### Task objective
Give the data back exactly. Leave out any images.

(Data items)
-- -- --

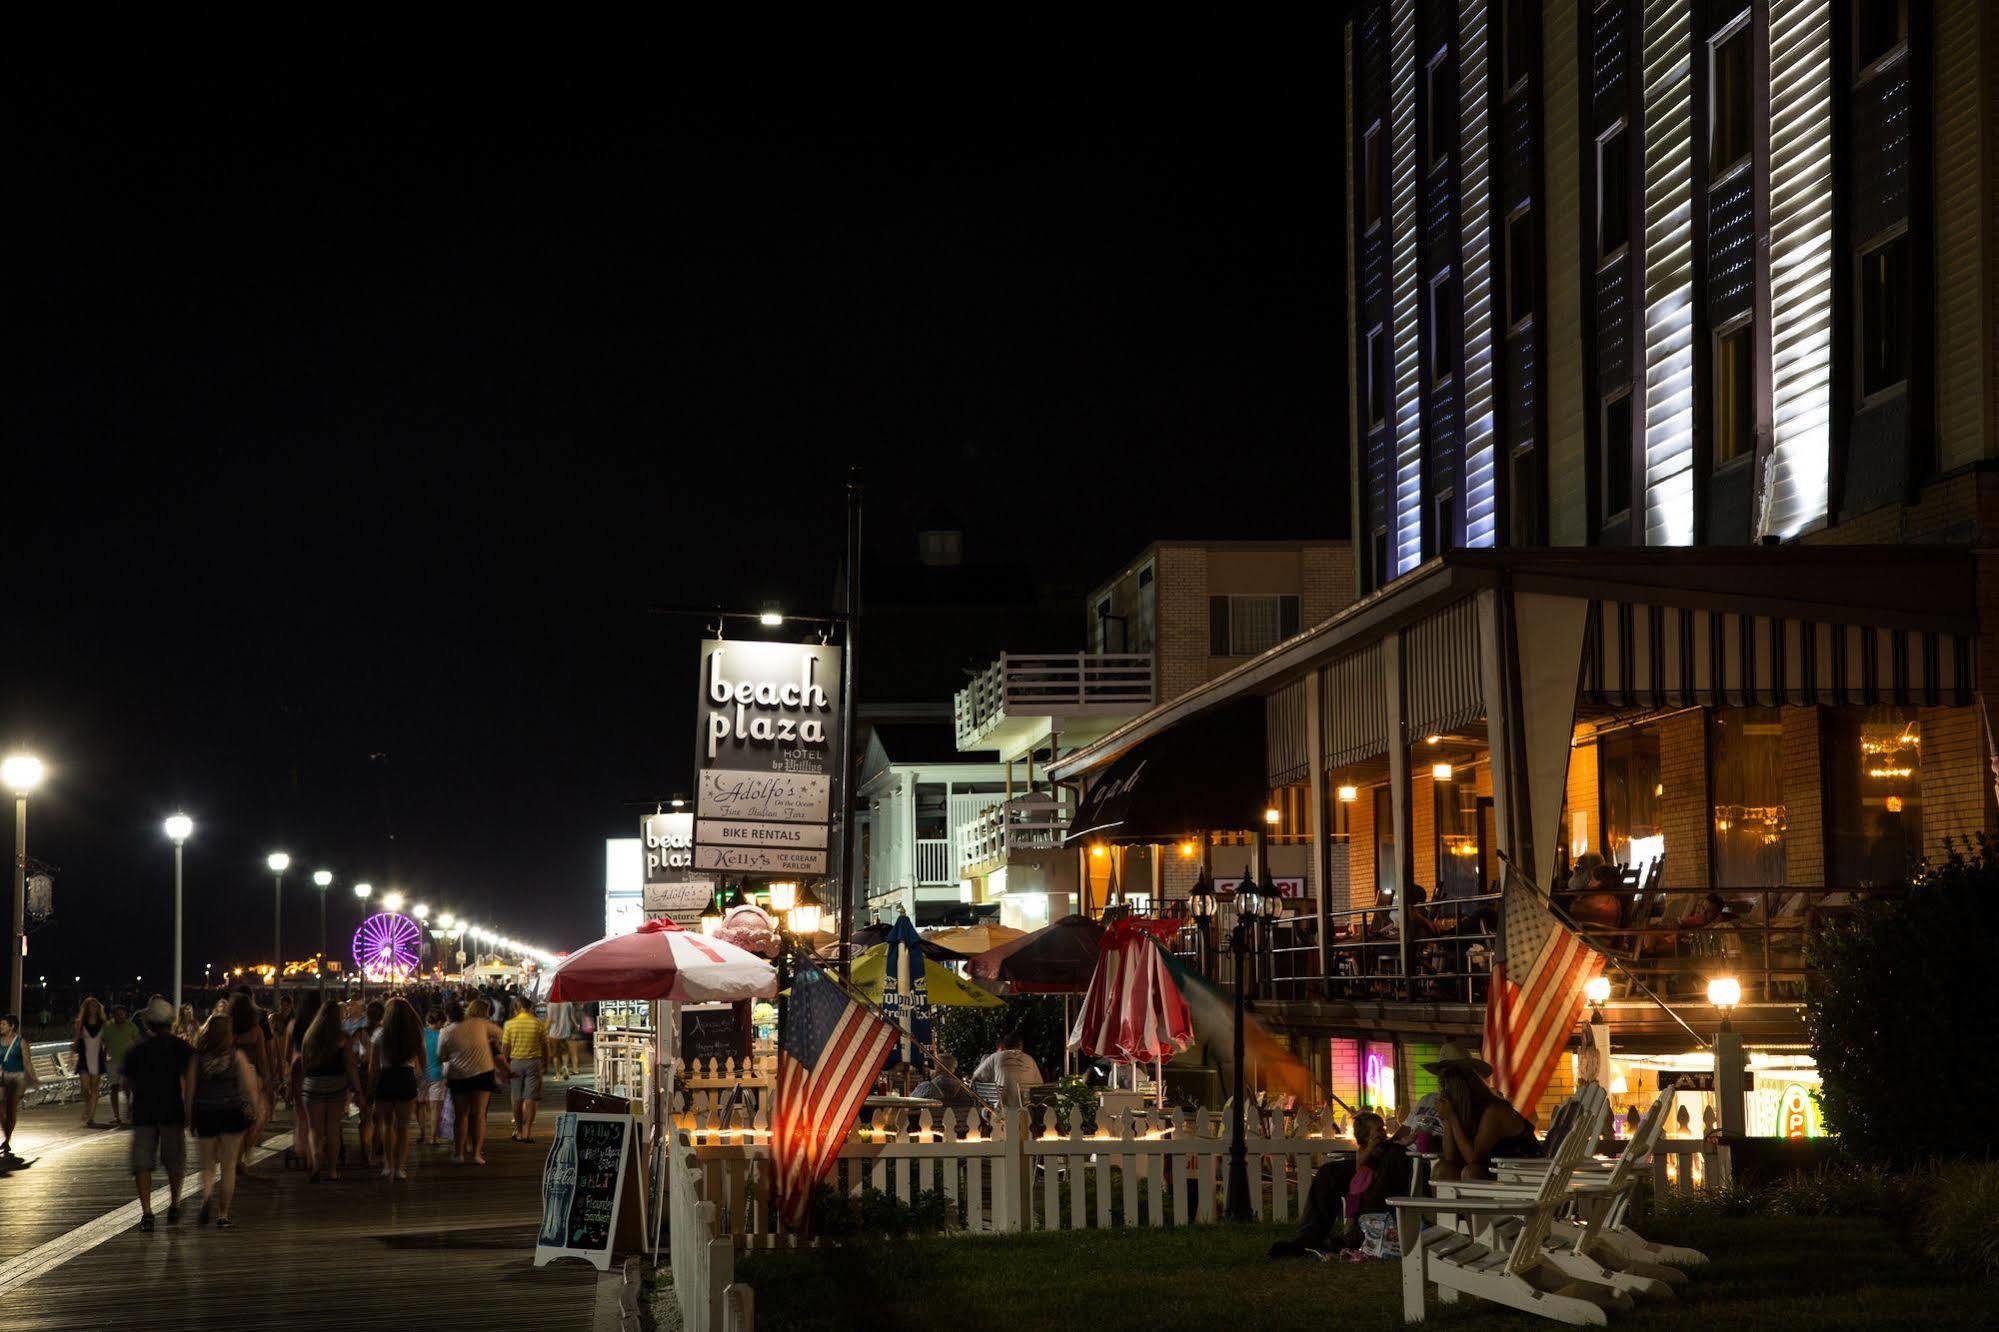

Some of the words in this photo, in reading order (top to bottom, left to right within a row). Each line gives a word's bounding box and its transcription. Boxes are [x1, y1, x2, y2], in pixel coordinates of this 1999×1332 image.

[710, 648, 827, 707] beach
[708, 702, 825, 758] plaza
[784, 749, 823, 760] HOTEL
[772, 760, 783, 771] by
[714, 778, 795, 806] Adolfo's
[646, 819, 692, 849] beac
[723, 828, 748, 839] BIKE
[751, 829, 801, 841] RENTALS
[647, 848, 692, 878] plaz
[703, 847, 771, 868] Kelly's
[782, 862, 811, 870] PARLOR
[791, 854, 817, 863] CREAM

-- -- --

### Response area
Some of the words in this photo, in reading order (top to bottom, left to right within a row). Each line gives a word's bounding box and its transcription. Boxes are [x1, y1, x2, y2], in pixel coordinates of this 1999×1332 image.

[710, 648, 827, 707] beach
[708, 702, 825, 758] plaza
[784, 749, 823, 760] HOTEL
[772, 760, 783, 771] by
[714, 778, 795, 806] Adolfo's
[646, 819, 692, 849] beac
[723, 828, 748, 839] BIKE
[751, 829, 801, 841] RENTALS
[647, 848, 692, 878] plaz
[703, 847, 771, 868] Kelly's
[782, 862, 811, 870] PARLOR
[791, 854, 817, 863] CREAM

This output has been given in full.